Ketamine induces immediate and delayed alterations of OCD-like behavior
Obsessive-compulsive disorder (OCD) is a psychiatric disorder characterized by intrusive obsessive thoughts and/or compulsive behaviors. Currently, serotonin reuptake inhibitors (SRIs) provide the only pharmacological monotherapy for OCD, but response rates are insufficient. Ketamine, a noncompetitive NMDA receptor antagonist, was reported to have rapid, sustained therapeutic effects in OCD patients. However, the mechanisms remain unknown.
Here, we aimed to provide a platform for investigating mechanisms underlying anti-OCD effects of ketamine treatment by assessing whether ketamine pretreatment could alleviate 5-HT1B receptor (5-HT1BR)-induced OCD-like behavior in mice.
We assessed whether acute ketamine (0, 3, 10, 30 mg/kg), administered at two pretreatment time points (30 min, 24 h), would modulate 5-HT1BR-induced OCD-like behavior in mice. Behavioral measures were perseverative hyperlocomotion in the open field and deficits in prepulse inhibition (PPI) induced by acute pharmacological 5-HT1BR challenge.

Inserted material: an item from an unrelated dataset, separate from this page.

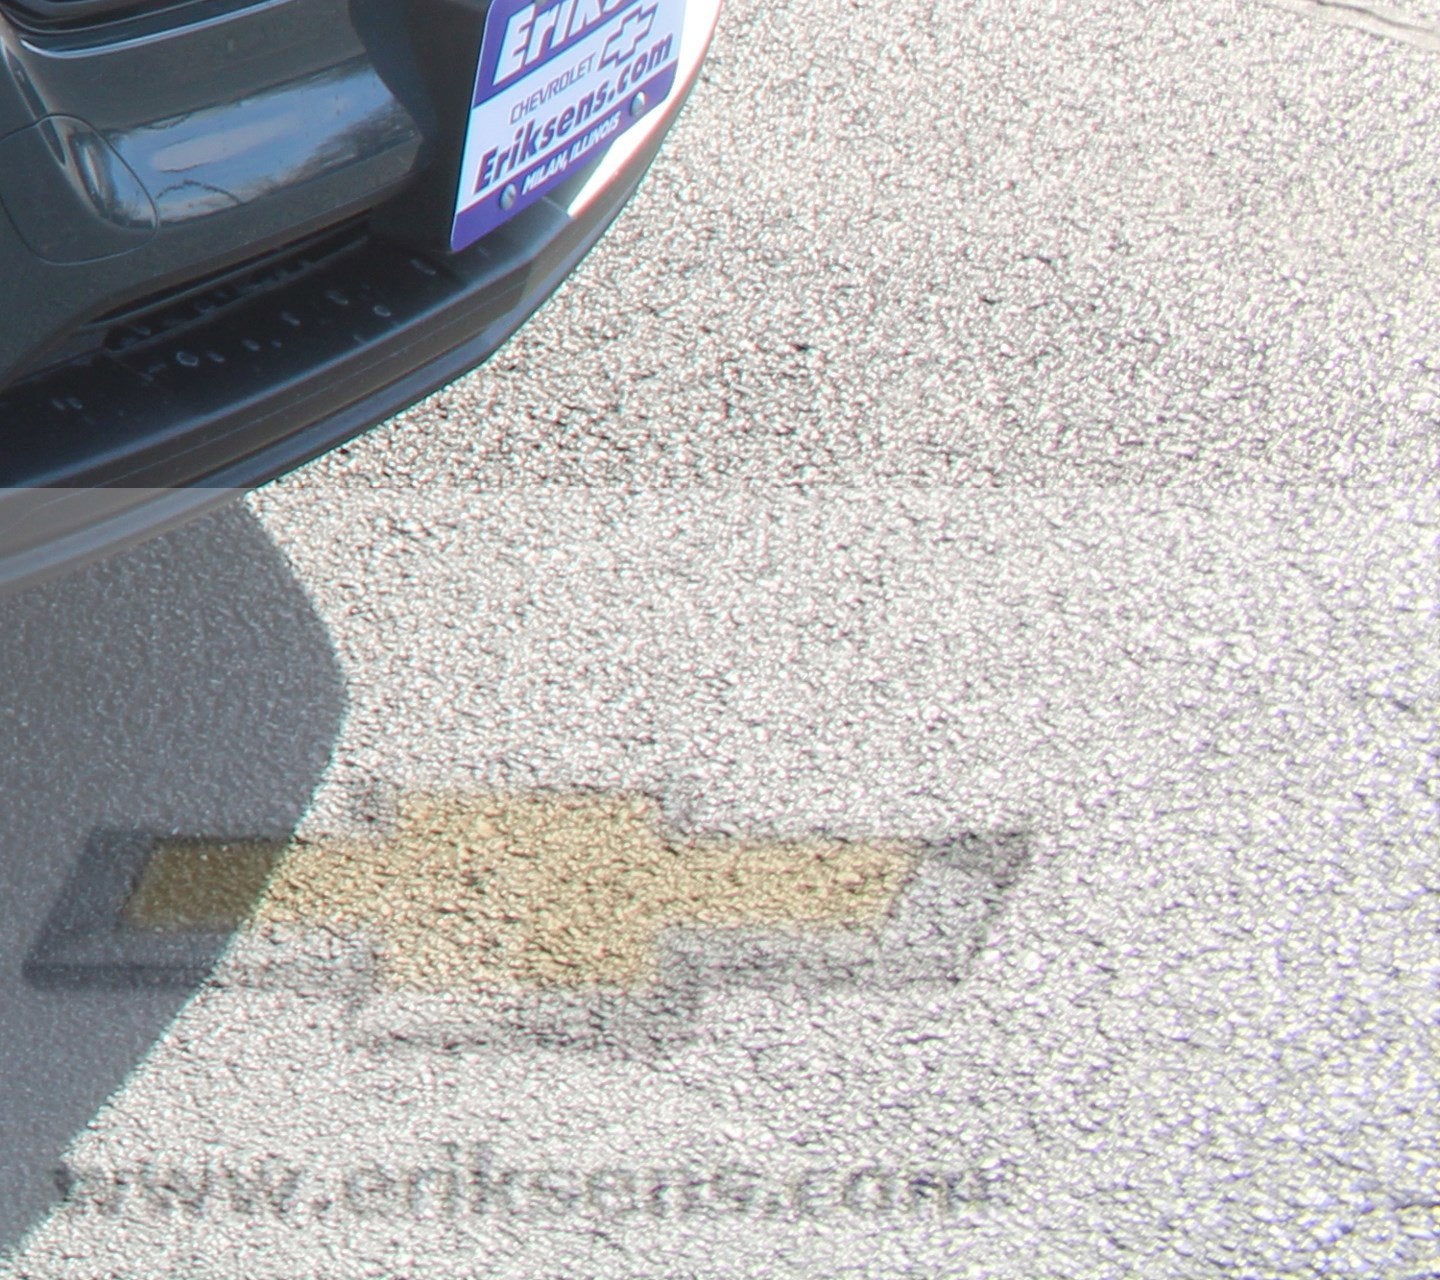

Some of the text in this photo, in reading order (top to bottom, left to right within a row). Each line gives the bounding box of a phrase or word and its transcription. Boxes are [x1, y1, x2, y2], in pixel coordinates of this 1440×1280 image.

[474, 33, 673, 194] Eriksens.com
[510, 52, 595, 125] CHEVROLET
[522, 110, 621, 195] MILAN, ILLINOIS

Three milligrams per kilogram of ketamine reduced 5-HT1BR-induced perseverative hyperlocomotion, but not PPI deficits, 24 h postinjection. In contrast, higher doses of ketamine were either ineffective (10 mg/kg) or exacerbated (30 mg/kg) 5-HT1BR-induced perseverative hyperlocomotion 30 min postinjection. At 24 h postinjection, 30 mg/kg ketamine reduced perseverative hyperlocomotion across all groups.
Our results suggest that the 5-HT1BR-induced model of OCD-like behavior is sensitive to a low dose of ketamine, a potential fast-acting anti-OCD treatment, and may provide a tool for studying mechanisms underlying the rapid therapeutic effects of ketamine in OCD patients.
KeywordsKetamine OCD Compulsive Perseverative Prepulse inhibition NMDA 5-HT1B RU24969
Funding and disclosures
This work was supported by an IMHRO Rising Star Depression Research Award in Memory of George Largay, a NARSAD Independent Investigator Award , and R21MH115395 to SD, and training grants: T32 GM07839 and T32 DA07255 to SLT.
Compliance with ethical standards
Conflict of interest
On behalf of all authors, the corresponding author states that there is no conflict of interest.